Canada’s ‘Lower’ Abortion Rate Is Deceptive

The apparent discrepancy between the U.S. and Canadian abortion rates stems partly from flawed abortion data that’s only getting worse.

A pro-life protester holds a sign on Parliament Hill ahead of the National March for Life in Ottawa, Ontario, on May 12, 2022.
A pro-life protester holds a sign on Parliament Hill ahead of the National March for Life in Ottawa, Ontario, on May 12, 2022. (photo: Lars Hagberg / AFP via Getty Images)

Two University of Notre Dame professors are sharing an interesting and surprising message for pro-life Americans: If you want fewer abortions, copy Canada. 

Writing in the Daily Beast, Susan Osterman and Tamara Kay argue that Canada’s abortion rate is lower than that of the United States and that this can be credited to universal health care, paid family leave and contraception. 

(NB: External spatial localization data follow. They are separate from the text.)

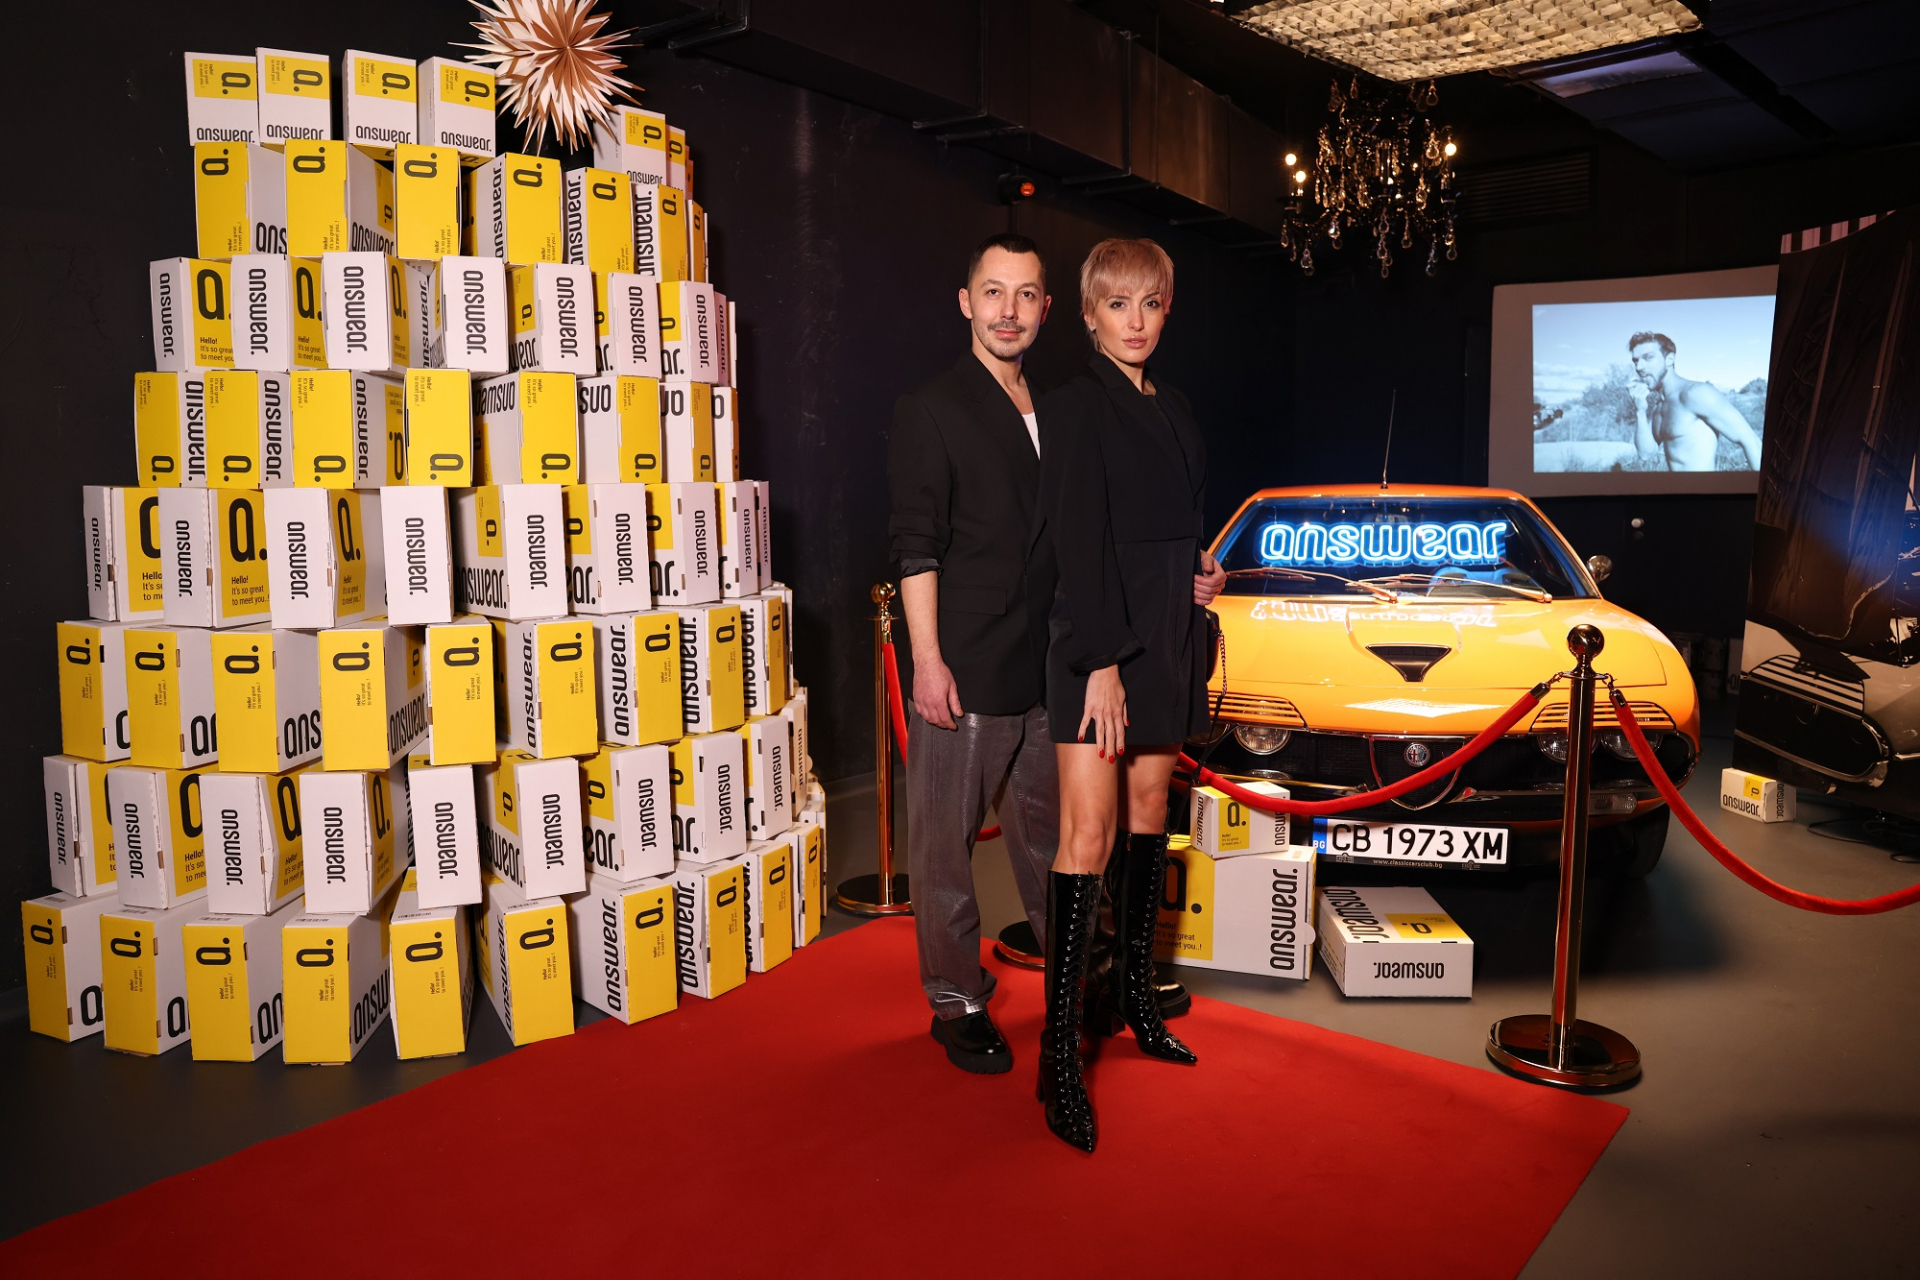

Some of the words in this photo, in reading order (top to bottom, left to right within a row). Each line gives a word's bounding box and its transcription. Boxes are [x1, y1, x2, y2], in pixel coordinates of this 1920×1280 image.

[221, 72, 251, 95] a.
[293, 69, 324, 92] a.
[382, 72, 411, 95] a.
[464, 80, 491, 102] a.
[196, 127, 255, 143] answear.
[266, 124, 324, 140] answear
[441, 131, 492, 152] answear.
[643, 125, 662, 144] a.
[201, 148, 229, 176] a.
[293, 146, 326, 174] a.
[669, 140, 683, 158] a.
[404, 152, 438, 179] a.
[513, 163, 543, 188] a.
[627, 170, 663, 185] answear
[592, 177, 617, 201] a.
[493, 161, 504, 258] answear.
[662, 193, 677, 216] a.
[295, 266, 323, 322] a.
[391, 264, 407, 320] a.
[159, 272, 175, 358] answear.
[248, 268, 269, 356] answear.
[343, 265, 368, 354] answear.
[463, 270, 487, 355] answear.
[521, 303, 533, 326] a.
[556, 276, 579, 359] answear.
[297, 335, 310, 343] Hello!
[628, 285, 648, 364] answear.
[695, 294, 710, 369] answear.
[199, 336, 218, 345] Hello!
[200, 345, 210, 353] It's
[219, 346, 234, 355] grea
[208, 353, 224, 361] meet
[264, 379, 282, 482] answear.
[355, 378, 369, 481] answear.
[151, 455, 175, 482] a.
[223, 455, 252, 482] a.
[313, 455, 347, 483] a.
[389, 431, 404, 481] a.
[430, 453, 464, 481] a.
[541, 453, 571, 479] a.
[634, 453, 657, 478] a.
[700, 454, 711, 478] a.
[228, 497, 268, 563] a.
[337, 497, 361, 562] a.
[485, 519, 497, 546] a.
[694, 510, 708, 578] answear.
[743, 508, 753, 573] answear.
[1260, 522, 1507, 562] answear
[91, 517, 102, 592] answear.
[175, 520, 193, 598] answear.
[287, 521, 309, 600] answear.
[404, 517, 428, 596] answear.
[526, 514, 548, 590] answear.
[615, 512, 634, 586] answear.
[142, 572, 163, 580] Hello
[143, 582, 155, 590] It's
[231, 575, 249, 585] Hello!
[231, 586, 241, 595] It's
[249, 585, 264, 595] great
[239, 596, 254, 605] meet
[715, 616, 736, 644] a.
[771, 606, 781, 632] a.
[66, 637, 91, 665] a.
[443, 637, 480, 667] a.
[550, 632, 583, 663] a.
[645, 623, 671, 653] a.
[134, 642, 165, 672] a.
[224, 645, 260, 674] a.
[333, 641, 371, 672] a.
[412, 648, 420, 676] a.
[679, 616, 701, 725] answear.
[522, 632, 537, 749] answear.
[610, 624, 630, 737] answear.
[587, 779, 606, 806] a.
[772, 745, 784, 812] answear.
[372, 774, 391, 840] a.
[502, 791, 513, 817] a.
[717, 764, 733, 835] answear.
[1722, 794, 1761, 818] answear.
[1776, 783, 1785, 819] answear.
[53, 791, 67, 866] answear.
[638, 778, 657, 852] answear.
[1196, 796, 1204, 847] answear.
[1227, 802, 1247, 827] a.
[124, 803, 144, 879] answear.
[323, 806, 346, 885] answear.
[434, 801, 459, 880] answear.
[541, 793, 565, 870] answear.
[1312, 839, 1326, 849] BG
[1332, 823, 1372, 853] CB
[1382, 826, 1455, 858] 1973
[1461, 830, 1504, 860] XM
[184, 849, 204, 862] Hello!
[220, 808, 244, 886] answear.
[285, 852, 298, 865] Hello!
[808, 836, 818, 864] a.
[185, 863, 195, 872] It's
[196, 861, 204, 869] so
[186, 875, 193, 883] to
[769, 856, 786, 886] a.
[716, 876, 737, 908] a.
[635, 897, 664, 930] a.
[1269, 868, 1298, 971] answear.
[1321, 888, 1390, 940] answear.
[1401, 922, 1433, 934] a.
[30, 918, 54, 946] a.
[110, 930, 142, 958] a.
[519, 918, 555, 951] a.
[676, 880, 699, 988] answear.
[1177, 932, 1195, 941] great
[1183, 942, 1202, 951] you..!
[195, 937, 232, 966] a.
[296, 938, 334, 968] a.
[405, 931, 443, 963] a.
[602, 898, 622, 1012] answear.
[497, 914, 512, 1032] answear.
[1373, 961, 1445, 980] answear.

As has already been pointed out, this surface-level analysis ignores a few obvious facts, including the reality that the U.S. abortion rate has been dropping for decades and the lack of any evidence that large, government-sponsored contraception programs have any major impact on abortion rates. 

But there’s another problem with the Notre Dame professors’ efforts to ascribe Canada’s comparatively low abortion rate to the nation’s social policies: That low abortion rate is almost certainly not real. 

The Daily Beast writers draw their broad conclusions from Canada’s 2020 abortion rate as reported by the Canada Institute for Health Information (CIHI), which publishes annual abortion reports compiled from a combination of hospital discharge data and voluntarily reported abortion facility records. This they compare with the U.S. abortion rate estimated by the Guttmacher Institute. (The official reports published by the U.S. Centers for Disease Control are incomplete, since not every state collects abortion data.)

That single-year comparison doesn’t tell the whole story. CIHI and Guttmacher data show that in recent years, the Canadian and American abortion rates were virtually the same. That changed in 2017, when the American abortion rate ticked up and the Canadian rate started to drop. The increase in the U.S., and the purported decrease in Canada, is likely attributable to the same cause: chemical abortion. 

In 2017, mifepristone — also known as RU-486 or the abortion pill — became available in Canada for the first time. This was almost two decades behind its neighbor to the south, but Canada soon caught up. The chemical abortion regimen was approved in January 2017 for use through 49 days of pregnancy with careful medical oversight, but by November of that year, Canada had pushed the limit to 63 days and scrapped most of its health safety regulations, including where abortion pills could be dispensed and who could provide them. 

As abortions have moved out of hospitals and abortion clinics, and into doctor’s offices and other providers that are mostly excluded from the CIHI reports, CIHI has responded by adding a caveat for the first time to its 2020 report, warning that its reported totals “underestimate the true number of induced abortions in Canada.” 

A recent study in the New England Journal of Medicine provides a clue to Canada’s actual abortion rate. 

In contrast to the hospital discharge data and clinic aggregates used by CIHI, the researchers used claims data from the Ontario Health Insurance Program (OHIP), Ontario’s government-run public insurance plan. This means that all abortions paid for by Ontario were included in the study, regardless of the type of facility where they occurred. 

From 2017 to early 2020, the OHIP data reflects approximately 21,000 more abortions than were reported to CIHI. When the Ontario numbers are extrapolated across Canada, it’s clear that the abortion rate is just as high as ever. 

The study also suggests that the abortion complication rate is higher than ever, too, despite the careful efforts of the authors to downplay this fact. Studies from countries with better data consistently show higher rates of complications from chemical abortion. As chemical abortion increases throughout North America, complications will, as well. 

The apparent discrepancy between the U.S. and Canadian abortion rates doesn’t stem from any policy difference between the two nations. Instead, it’s a byproduct of what we have in common: extreme, no-limits abortion laws in many states and flawed abortion data that’s only getting worse. Scholars and writers need to be the first to question the data and avoid broad and inaccurate conclusions.

Charles A. ‘Chuck’ Donovan is a Notre Dame alumnus and president of Charlotte Lozier Institute. Tessa Longbons is an Illinois native and senior research associate at Charlotte Lozier Institute.